The inquiry is the result of a complex planning application for exploratory drilling at a site near the village of Harthill, which is in Rotherham but close to the borders with Derbyshire and Nottinghamshire.
Fracking company Ineos wants to conduct test drilling in the area, to check geological conditions beneath ground and that work – if allowed – could lead to an actual application for ‘fracking’, where rocks are fractured beneath ground to release shale gas.
Rotherham Council has never actually decided on the proposal because Ineos took their case a public appeal because it had not been decided within the timeframe set down by law, though Rotherham Council were still in a dialogue with them over the application when that happened late last year.

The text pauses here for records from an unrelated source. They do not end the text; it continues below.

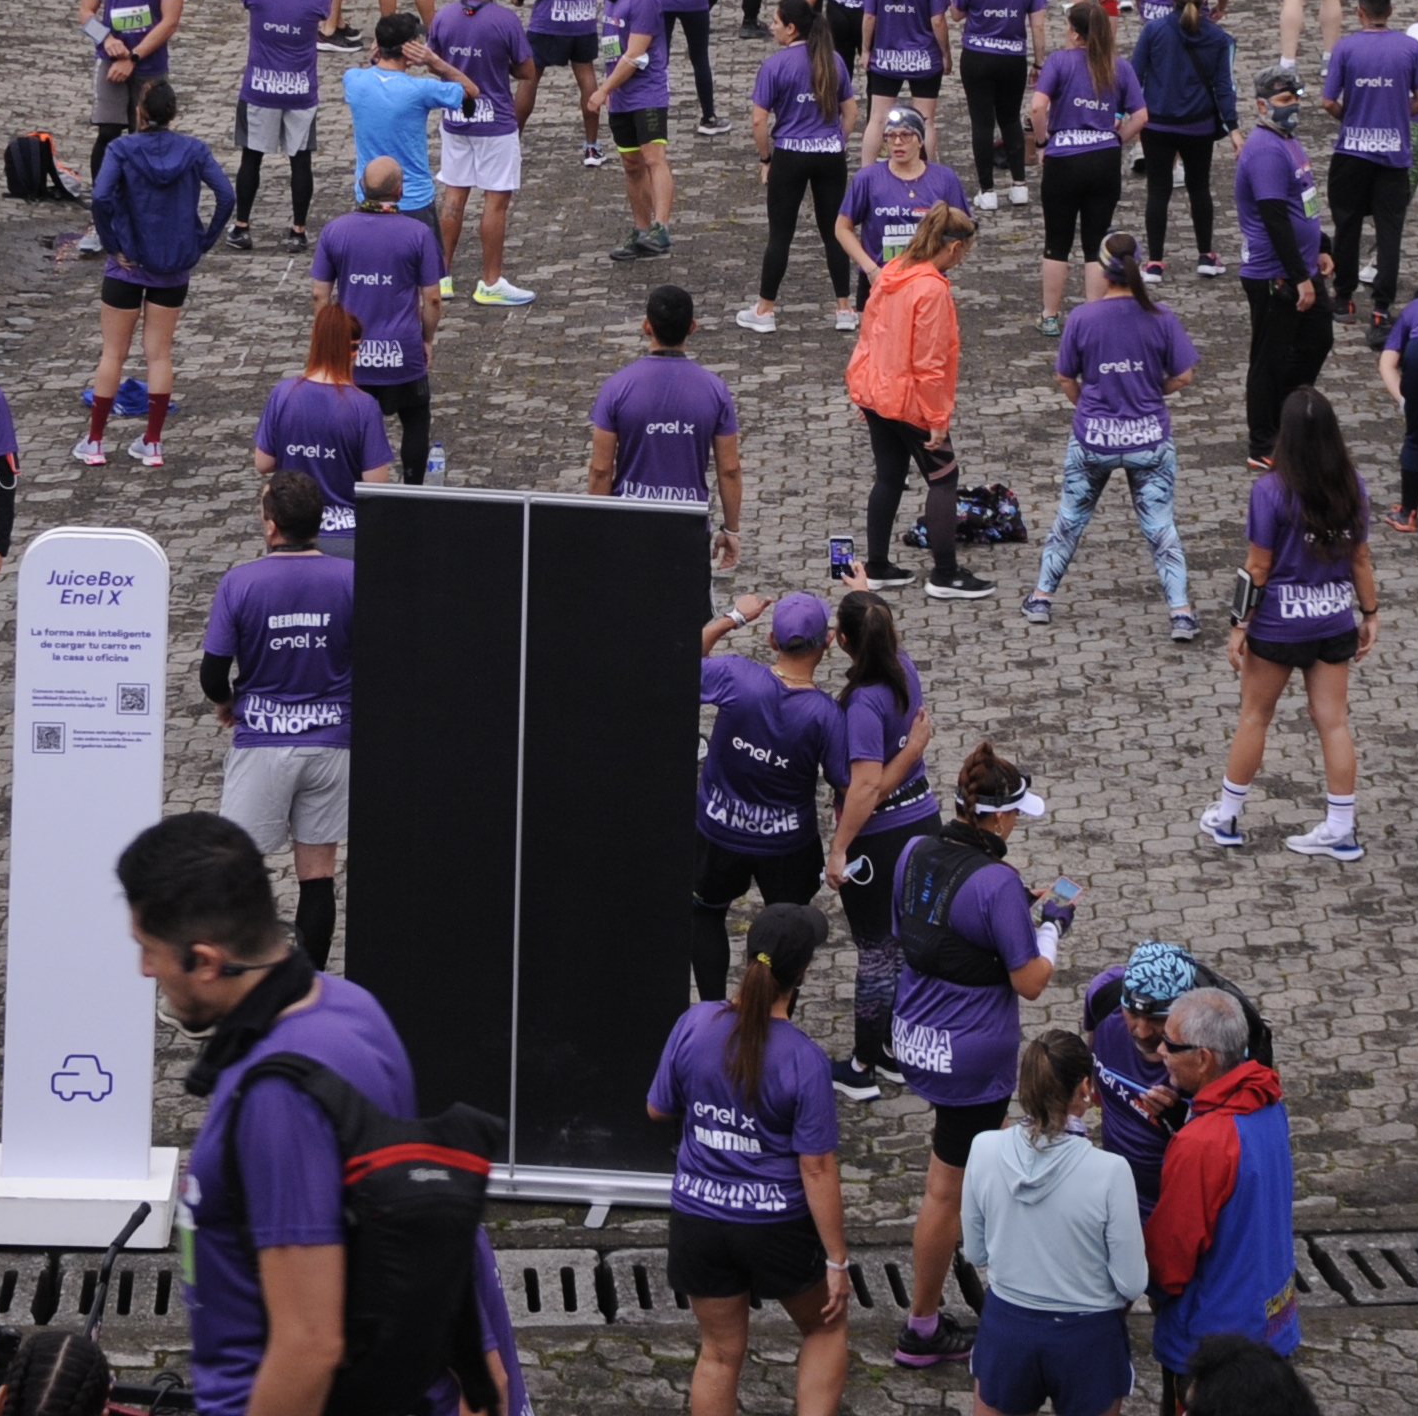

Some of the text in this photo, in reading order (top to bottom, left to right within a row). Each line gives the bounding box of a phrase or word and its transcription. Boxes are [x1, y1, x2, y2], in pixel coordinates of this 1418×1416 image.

[884, 4, 905, 12] enel
[121, 14, 143, 28] 779
[263, 22, 289, 35] enel
[890, 62, 931, 72] NOCHE
[251, 77, 309, 96] LA NOCHE
[1355, 77, 1382, 87] enel
[1074, 97, 1098, 110] enel
[1344, 137, 1401, 153] LA NOCHE
[875, 205, 900, 216] enel
[350, 273, 378, 286] enel
[1099, 359, 1130, 374] enel
[647, 421, 679, 434] enel
[1088, 415, 1162, 437] ILUMINA
[1085, 427, 1162, 446] LA NOCHE
[287, 445, 320, 457] enel
[47, 570, 135, 587] JuiceBox
[60, 589, 122, 605] Enel X
[268, 614, 331, 629] GERMAN F
[98, 629, 151, 639] inteligente
[270, 633, 310, 650] enel
[41, 640, 52, 648] de
[55, 642, 85, 650] cargar
[95, 654, 129, 662] oficina
[272, 715, 341, 734] NOCHE
[732, 737, 771, 762] enel
[706, 800, 799, 835] LA NOCHE
[694, 1102, 736, 1126] enel
[694, 1125, 761, 1153] MARTINA

The council then made a decision they did not support the application, because the law prevents them from making an actual decision after the public inquiry process has been launched, on the grounds of ecological concerns and road safety fears, something supported by their highways department at the time.
However, Ineos has recently submitted a new traffic management plan to control lorries and other vehicles on the lanes around Harthill and last week, just days before the inquiry was due to start, Rotherham Council’s planning board again refused to support the changes proposed.

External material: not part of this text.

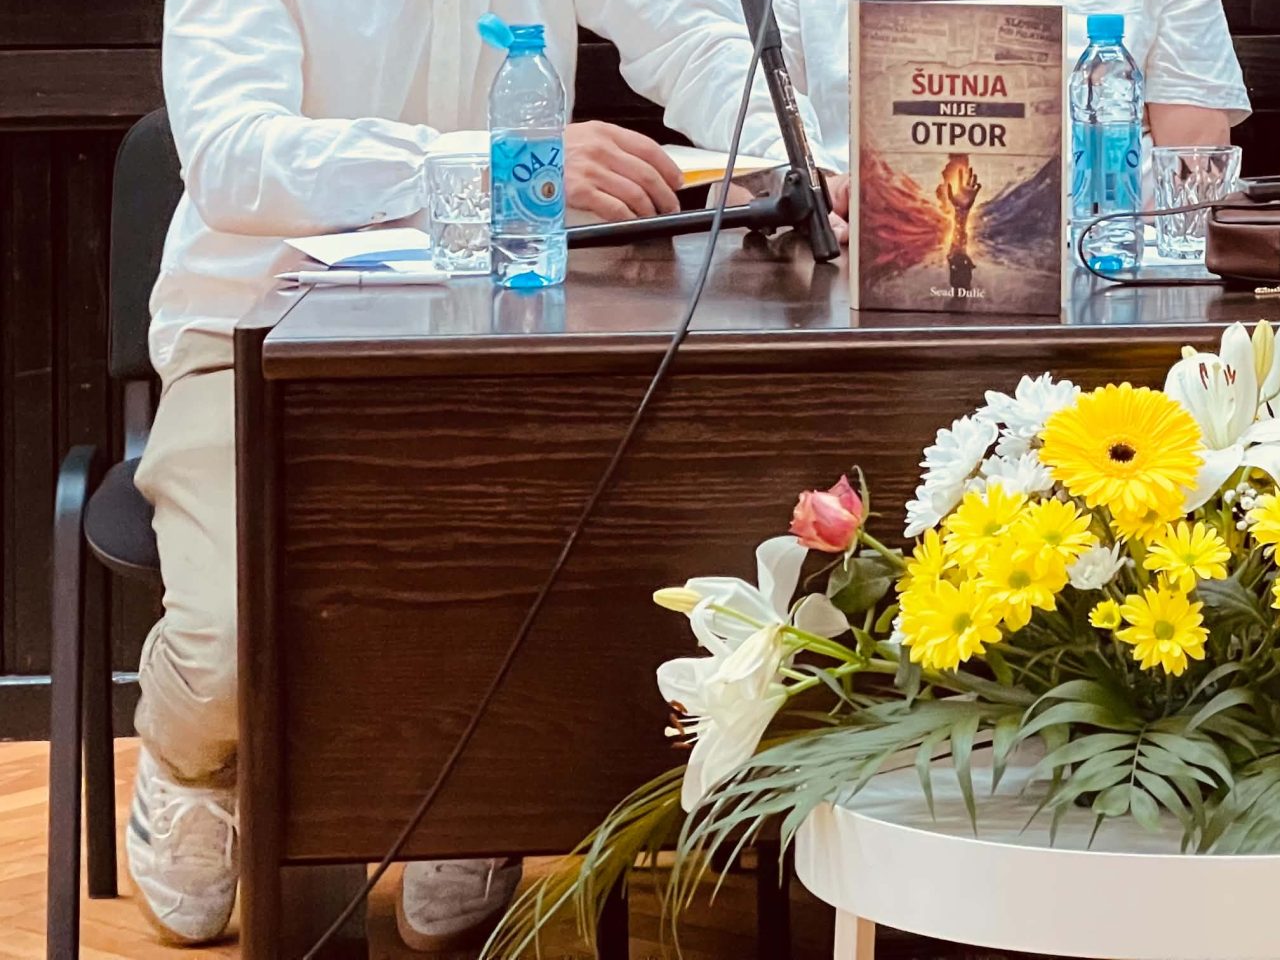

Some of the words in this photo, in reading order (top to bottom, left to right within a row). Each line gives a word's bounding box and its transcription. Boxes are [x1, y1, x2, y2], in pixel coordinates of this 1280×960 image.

[911, 68, 1008, 97] ŠUTNJA
[939, 102, 977, 116] NIJE
[911, 121, 1007, 147] OTPOR
[512, 147, 564, 182] OAZ

That was in direct conflict with advice from their highways officials, who said changes proposed by Ineos, including the installation of roadside passing bays and a system of ‘stop-go’ signals to restrict traffic on narrow sections of road, were adequate.
Giving evidence, Ian Ferguson, who has been a highways expert with the council for 36 years, said: “I can understand their (councillors) concerns, it may be difficult for people to imagine how the road could be improved to deal with traffic.
“That is often something we have, as officers. I can understand where they are coming from but I have no doubt in my mind that the appropriate professional recommendation is to support it,” he said.
His position meant that Rotherham Council’s advocate at the hearing, John Darby, suggested that other parties opposing the application should be allowed to question him, though that was declined by planning inspector Stephen Roscoe, who is heading the two week inquiry.
The council is also objecting to the application on the grounds of the impact it would have on the area’s ecology.
Meanwhile Ineos have said they decided to take the matter to a public inquiry after it became apparent from a Rotherham Council email late last year, while negotiations over the application had been continuing, that it would be rejected on highways grounds.
The application has caused widespread opposition in the area, although any desire to conduct actual fracking work would need planning consent in its own right.
Exploratory wells can also be used as ‘listening wells’ in the event of fracking taking place, allowing geologists to monitor underground activity to help ensure everything is proceeding as planned should work to extract gas commence.
The hearing will include a site visit, expected to take place on Friday, along with evidence from a wide range of witnesses on both sides of the argument.
Friends of the Earth are among those objecting and Yorkshire campaigner Richard Dyer said outside the hearing: “We are opposed to the development because it is the first stage of moving towards fracking.
“It is a test drill to look for shale gas and we believe we cannot afford to be looking for new sources of fossil fuels.”